Por regla general, la Academia de la Lengua recomienda acogerse en lo posible al nombre tradicional, dejando las denominaciones de nuevo cuño para los documentos oficiales y los comunicados diplomáticos. Recomendación baldía, pues al final los medios de difusión oral, visual y escrita tardan bien poco en subirse a la corriente neotoponímica.
Uno no puede menos que reconocer el derecho de los pueblos a llamarse a sí mismos como les venga en gana, pero no estoy seguro de que tengamos los demás la obligación de llamarles de igual forma en detrimento de nuestra propia tradición oral y escrita.
En general se argumenta que el nuevo nombre trata de borrar vestigios coloniales o recuperar glorias históricas anteriores. Me inclino más por lo primero y no puedo evitar pensar en un cierto complejo culpable en una Europa que modifica los mapas ajenos cuando nunca ha visto problema en la disparidad de nombres en territorio propio.
No he notado que los finlandeses se molesten porque no llamemos a su país Suomi, su nombre local; ni veo fácil que después de milenios nos acostumbrásemos a llamar Hellas a la que desde siempre hemos conocido como Grecia (República Helénica es su nombre oficial). O simplemente imaginemos que nos obligasen ahora a llamar a Alemania o Austria por sus nombres “internos”, Deutchland y Österreich respectivamente.
Pero bueno, aún admitiendo que debamos tender a asumir las denominaciones oficiales —más que nada para no liarnos—, y que probablemente antes de una generación tendrán carta de naturaleza, lo que me saca un poco de mis casillas es cuando el comentario periodístico intenta aclararnos el baile de nombres (lo que en principio es loable) citando el tradicional como “antiguo”: En Beijing, la antigua Pekín, o en Myanmar, la antigua Birmania... ¿Cómo que “la antigua”? Si es la misma.
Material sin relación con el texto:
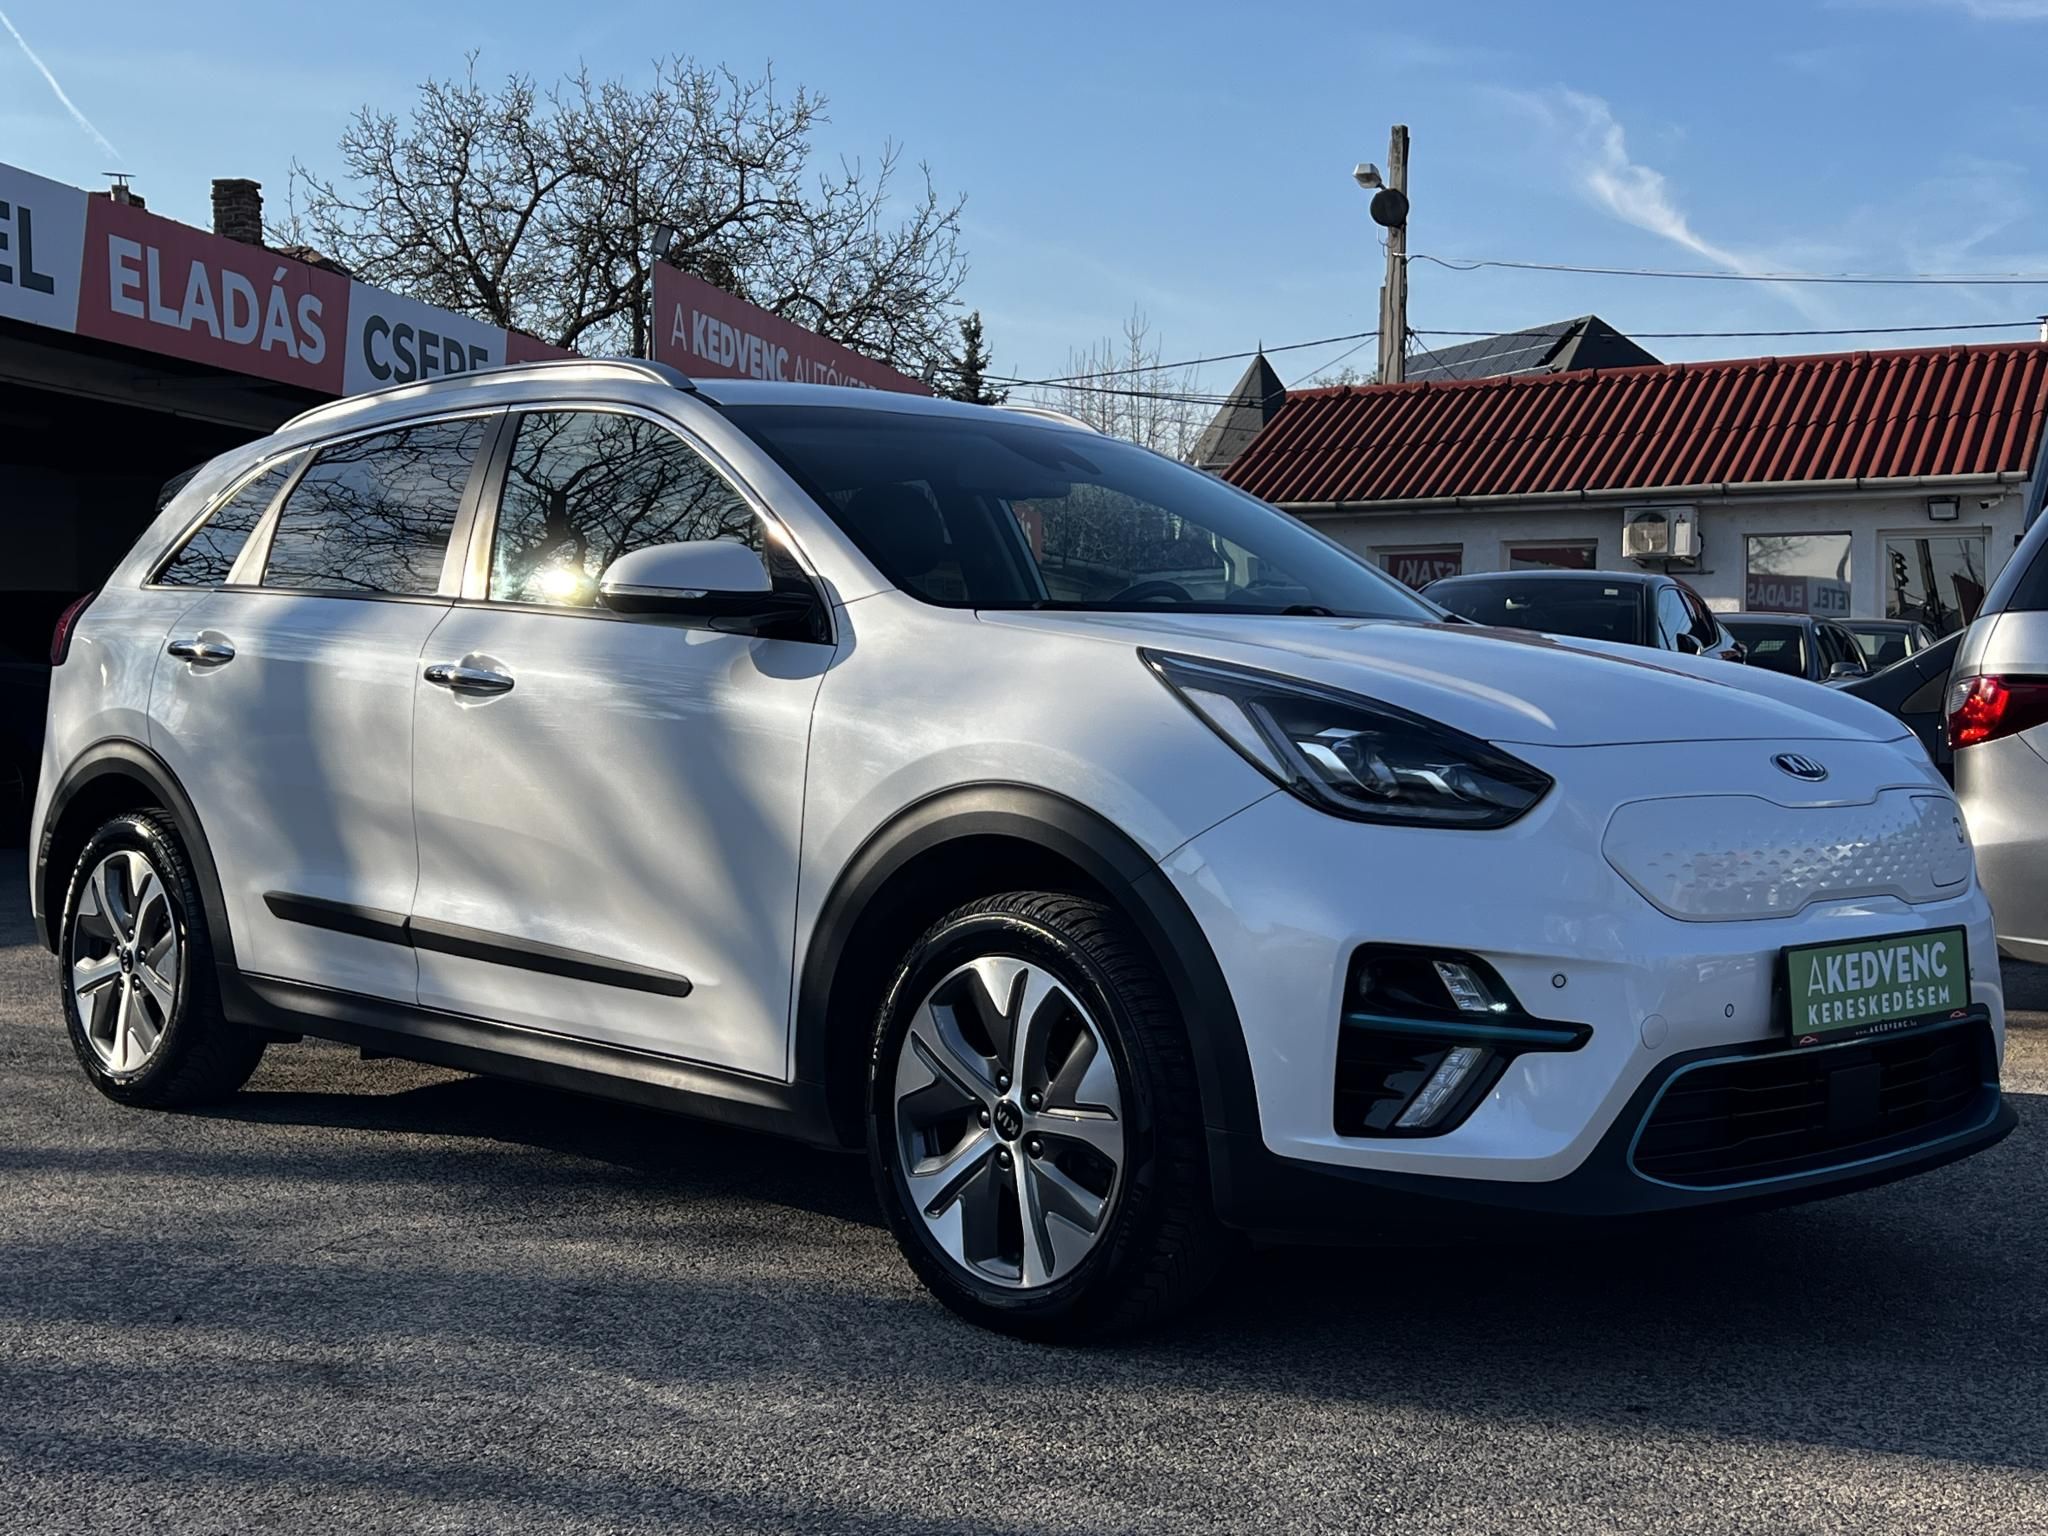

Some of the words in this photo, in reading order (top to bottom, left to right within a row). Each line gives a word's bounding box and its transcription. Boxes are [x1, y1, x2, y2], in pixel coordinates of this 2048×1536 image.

Solo han cambiado los carteles.
Es que tal como lo dicen parece que la “actual” se hubiese edificado sobre las ruinas arqueológicas de la “antigua”, en cuyo caso sería comprensible para establecer que entre ellas no hay mucha más relación que la ubicación, como diríamos Sevilla, la antigua Hispalis; o Túnez, la antigua Cartago.
Mejor norma sería utilizar con ese fin el adverbio “antes”, recurso que ya se utiliza en el callejero, y citar estos tropos como “Ciudad Ho Chi Minh, antes Saigón” o “República de Vanuatu, anteriormente conocida como Nuevas Hébridas”.
Y en todo esto, yo siento que pierdo algo, un viejo amigo al que nunca conocí. Los libros de fantásticas aventuras y viajes soñados de mi niñez van perdiendo nombre a nombre los escenarios mágicos. Sandokán navega por mares que ya no vienen en los mapas, Phileas Fogg llega tarde porque no encuentra el puerto donde zarpar y Livingstone se pierde, esta vez de verdad. Y reconozco que si a mí me ponen a señalar Birmania ante un mapa mudo me quedo igual que el mapa, pero es que si me dicen Myanmar, me pierdo.
2007-10-29 10:28
No tenemos que irnos tan lejos. Por aquí cerca podríamos hablar de “Girona, la antigua Gerona”...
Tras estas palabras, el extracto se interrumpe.